From 2017, when Carmel Christkindlmarkt was launched, through last year, city departments spent an estimated $7.56 million to support logistics of the market, which last year attracted nearly half a million visitors. Mayor Sue Finkam said the city’s cumulative total funding is now up to $8.3 million, including expenses made before this year’s event.
Carmel Christkindlmarkt has never been required to share any sales proceeds with the city or defray the city’s costs in any way.
Over the first six years of the Christkindlmarkt, which was not held in 2020 due to the pandemic, the Carmel Street Department bore the largest expense. The department spent $4.65 million on labor and other expenses to build and remove the market, which includes more than 60 wooden vendor huts at the Carter Green plaza in front of the Palladium performing arts hall, according to figures presented last month by the Carmel City Council.
This year, the Street Department has budgeted $1.1 million for the Christkindlmarkt.
Now, Finkam and members of the Carmel City Council want to understand the festival’s finances, how the annual holiday market can become more self-sustaining, and whether the nonprofit that operates the market can reimburse the city for the services it provides.
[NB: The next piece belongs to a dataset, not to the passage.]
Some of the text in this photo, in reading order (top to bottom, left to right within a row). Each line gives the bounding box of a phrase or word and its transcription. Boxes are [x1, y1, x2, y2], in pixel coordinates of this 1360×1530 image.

They will look to reach that goal via a six-member committee unanimously approved Monday by council members that will examine Carmel Christkindlmarkt Inc. and three other nonprofits with ties to the city.
“The council is very supportive of the Christkindlmarkt, and we want it to be successful,” City Councilor Rich Taylor told IBJ. “It’s a great community asset. We just have to vet and determine the future for how much they can reimburse us from their net operating income and remain sustainable and successful.”
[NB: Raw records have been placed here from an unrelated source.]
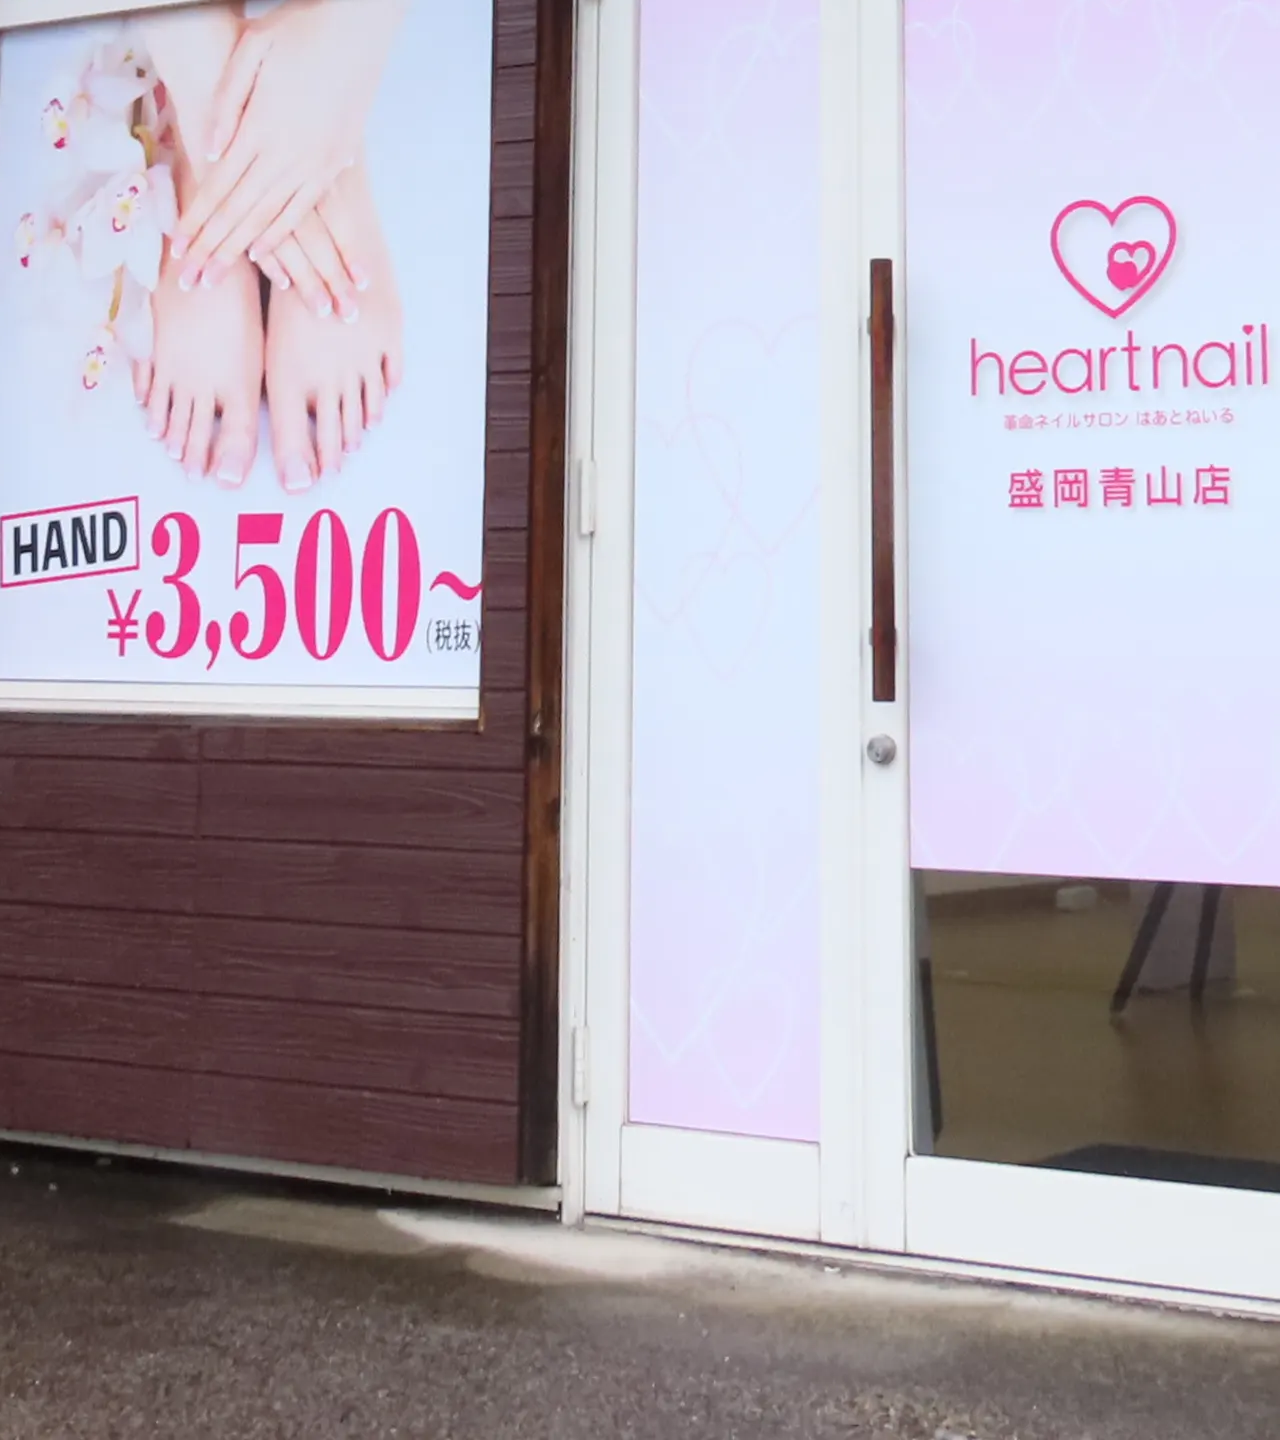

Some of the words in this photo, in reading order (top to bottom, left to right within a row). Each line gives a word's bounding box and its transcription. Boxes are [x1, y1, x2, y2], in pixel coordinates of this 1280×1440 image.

[971, 323, 1268, 396] heartnail
[1004, 413, 1128, 431] 革命ネイルサロン
[1136, 406, 1235, 426] はあとねいる
[1008, 464, 1231, 508] 盛岡青山店
[13, 510, 127, 576] HAND
[426, 618, 481, 655] (税抜)
Aside from the Street Department, other departments that have incurred Christkindlmarkt-related costs since 2017 are the city’s marketing department ($1.4 million), the Carmel Redevelopment Commission ($835,000), Carmel Utilities ($268,000), Information and Communications Services ($152,000), the Carmel Police Department ($123,000), Building Operations ($90,000), the Carmel Fire Department ($37,000), the Department of Community Services ($3,000) and Carmel Clay Parks & Recreation ($2,800).
The beginnings
In its few years of existence, Carmel Christkindlmarkt has become a tradition, drawing hundreds of thousands of visitors to Carter Green, which includes public ice skating. Last year, more than 475,000 people attended. This year’s market is scheduled to run through Dec. 24.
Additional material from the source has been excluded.